Do you wonder how effective a “non compete” clause is in a contract of employment?
When will it not be enforceable?
Let’s take a look at this important topic.
It is widely accepted that an employer is entitled to protect his trade secrets and confidential information in his contract of employment. The Courts have also recognised, down through the years, a common law right to have trade secrets and confidential information protected.
Fidelity and loyalty
Courts will also recognise a duty of fidelity and obligations of loyalty in all employment contracts. This duty has also been held to include an obligation for an employee not to compete with his employer while employed by him.
In Ireland, the EAT has upheld dismissals on this ground of breach of good faith and loyalty. It has also, on occasion, upheld dismissals where the employer had a significant, bona fide concern that this would occur.
Confidential information and trade secrets
An employer does not have to have a specific term in the contract of employment to protect trade secrets and confidential information. However, if there is a dispute, the employer would have to prove that the information he sought to protect was a trade secret or confidentiality must apply to it.
This will depend on the particular circumstances and there is a difference between “objective knowledge”, property of the employer, and “subjective knowledge”, property of the employee.
These rights of the employer must be weighed against the employee’s right to blow the whistle, as whistleblowing is protected in certain circumstances in Ireland, thanks to the Protected Disclosures Act, 2014.
Non-compete after termination of employment
There is no common law restriction on an employee competing with a former employer, or soliciting former colleagues or customers/clients. That is why provision for this should be made in the contract of employment.
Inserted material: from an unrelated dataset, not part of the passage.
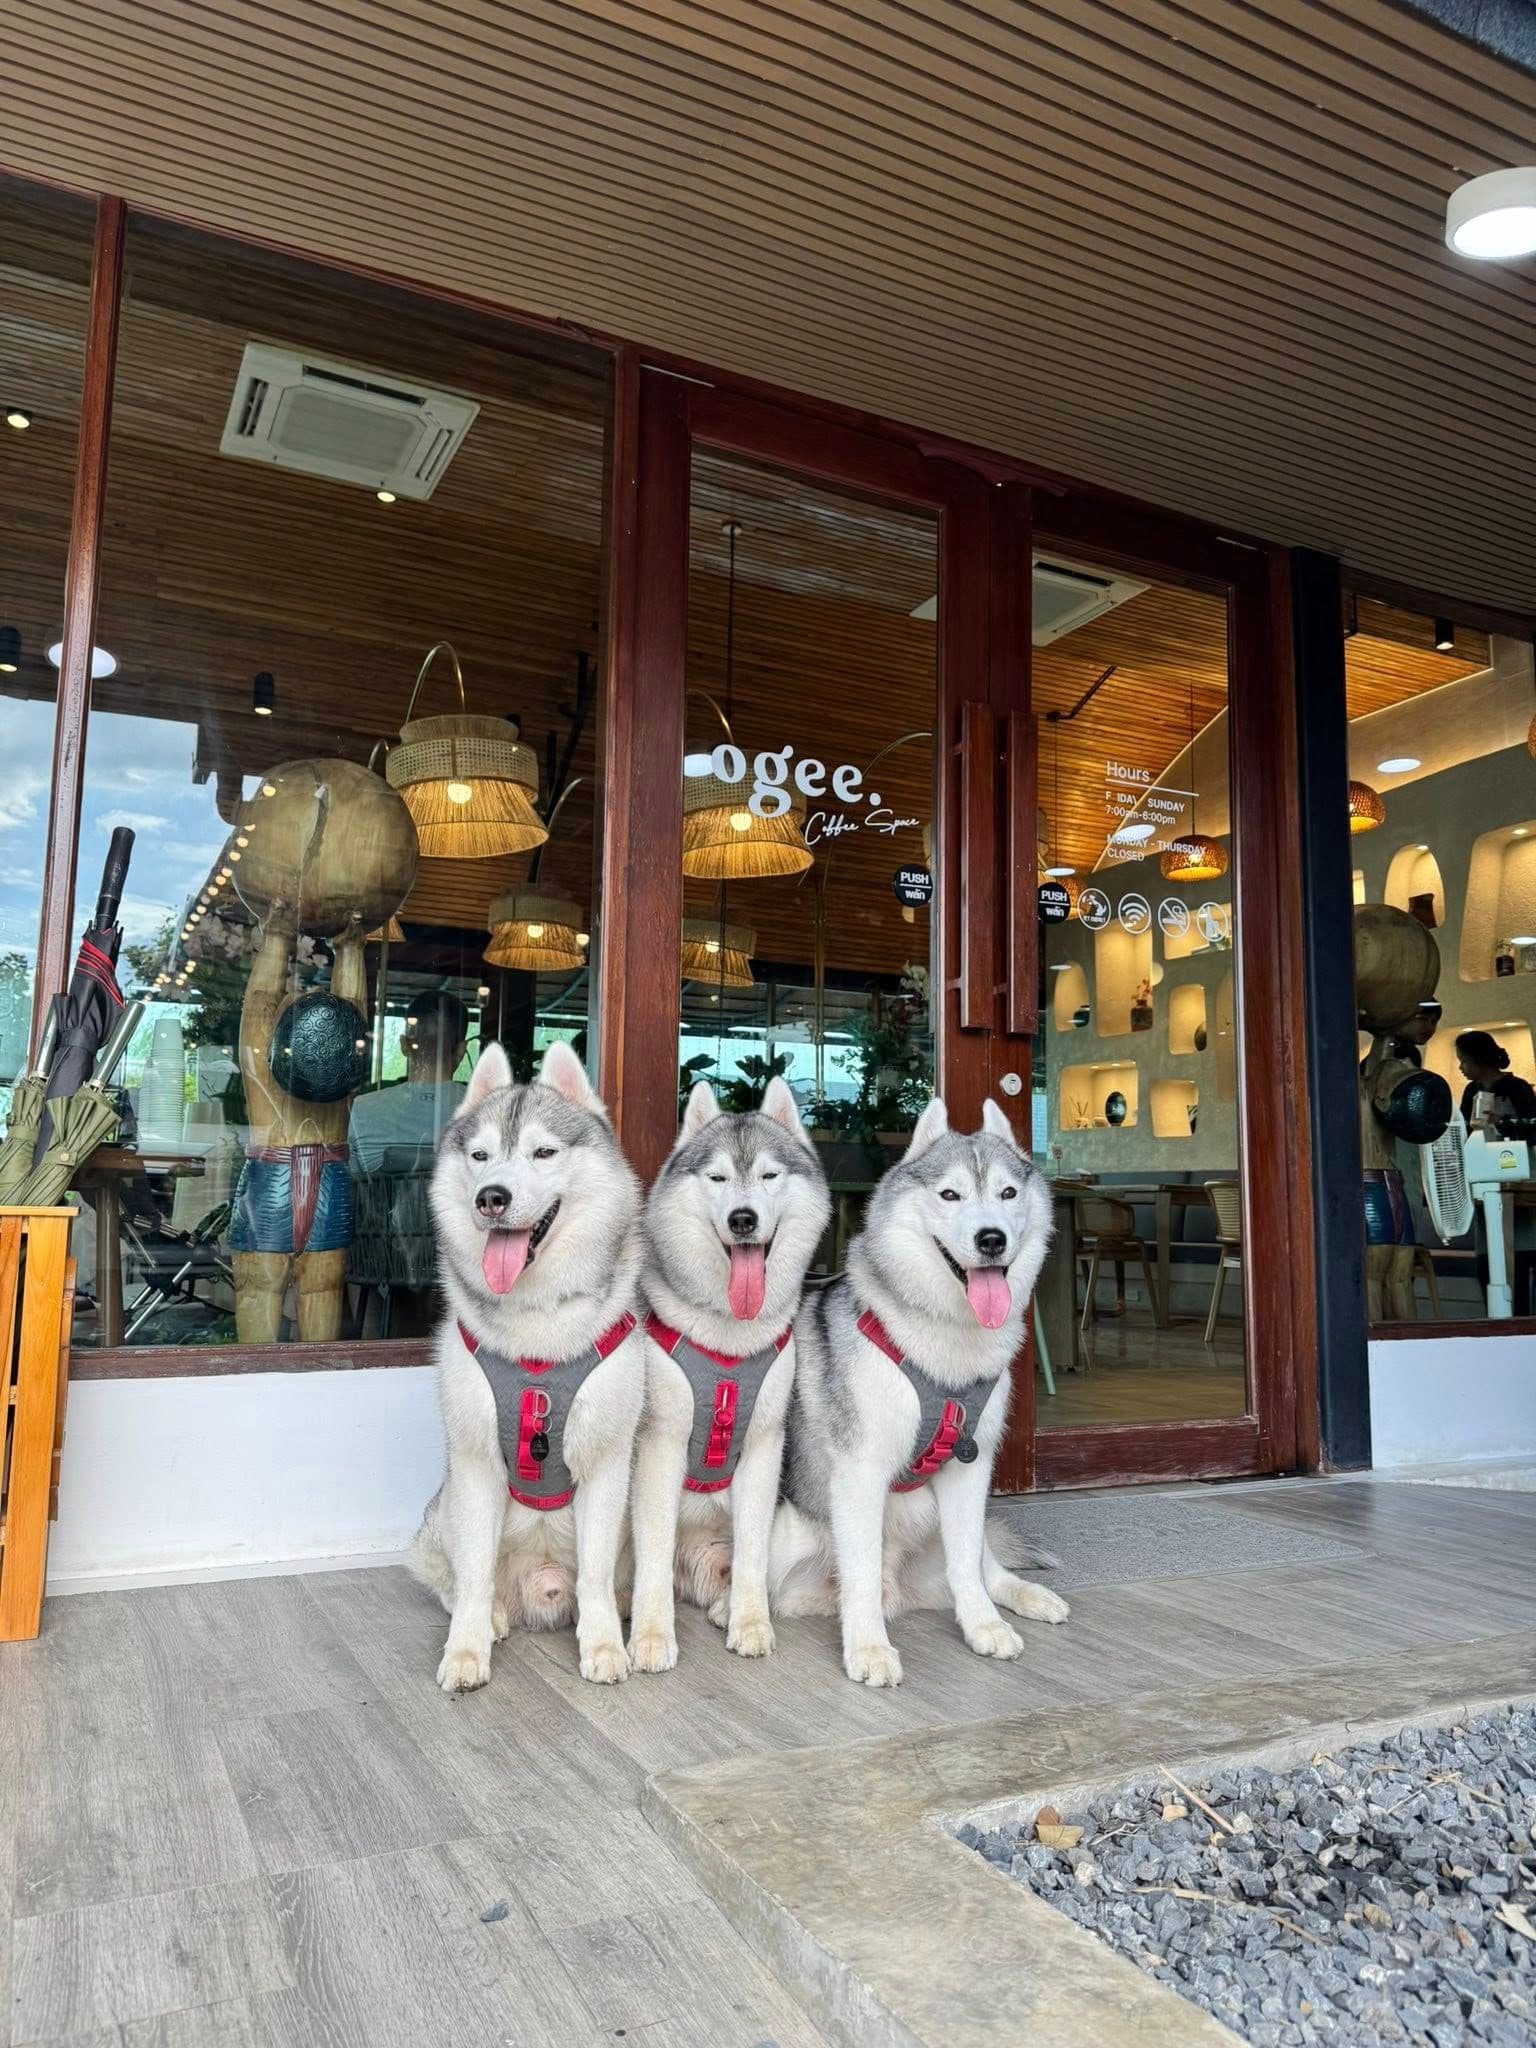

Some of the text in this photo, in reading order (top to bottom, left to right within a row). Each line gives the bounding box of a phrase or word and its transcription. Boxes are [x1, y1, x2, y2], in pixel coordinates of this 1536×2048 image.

There is also a distinction to be made between copying the employer’s customer/client lists-not allowed-and soliciting former customers based on what is in the employee’s head-allowed.
To be clear: there is no common law restriction on an employee soliciting business being done by their former employer.
When are restrictive covenants allowed in a contract?
The law attempts to strike a balance between preventing restraint of trade on the one hand, and, on the other hand, allowing legitimate restrictive contractual terms in a contract of employment.
What’s permitted will depend on
- Where the employer has a legitimate interest to protect; a general restriction against competition is not enough.
- The restriction must be reasonable and cover activity of the employee while he worked at the employer.
- The time period must be reasonable; this will depend on the time needed for the employer to protect the goodwill of the business or limit the damage done by the employee.
- The geographical area to be protected must be reasonable; it cannot be too wide if it is more than adequate to protect the employer’s business.
If an employer is in fundamental breach of a contract, or repudiates the contract, he will be unable to rely on a restrictive covenant.
The Competition Act, 1991
The Competition Act, 1991 prevents agreements between undertakings which have as their object or effect the restriction of competition (section 4(1) Competition Act, 1991).
However, employees are not undertakings while working as employees for either their “old” employer, or “new” one.
If they set up a new business, though, in competition with their old employer they will be considered to be an undertaking and any agreement between the employee and former employer will fall within the restriction against restriction of competition in section 4(1).
The leading case in this area is Apex Fire Protection v Murtagh .
One of the useful inferences that can be drawn from the case is that a one-year restriction is acceptable, but anything more than this may be seen as excessive.
The case also shows that a business owned and operated by an ex-employee can be considered an undertaking and, therefore, any agreement will fall within the The Competition Act, 1991.
It also shows that the legality of restraints in any agreement between employer and employee will depend on the particular circumstances of the case.
Any aspect of the agreement that is excessive or unnecessary to protect a legitimate interest of an employer is likely to be unenforceable.
Hernandez -v- Vodafone Ireland Ltd is a useful High Court decision from February, 2013 in this area of law as it looks at the issues that are relevant in this type of case. It also looks at a couple of other cases such as Murgitroyd & Co. Ltd. v. Purdy and Net Affinity v. Conaghan & Anor.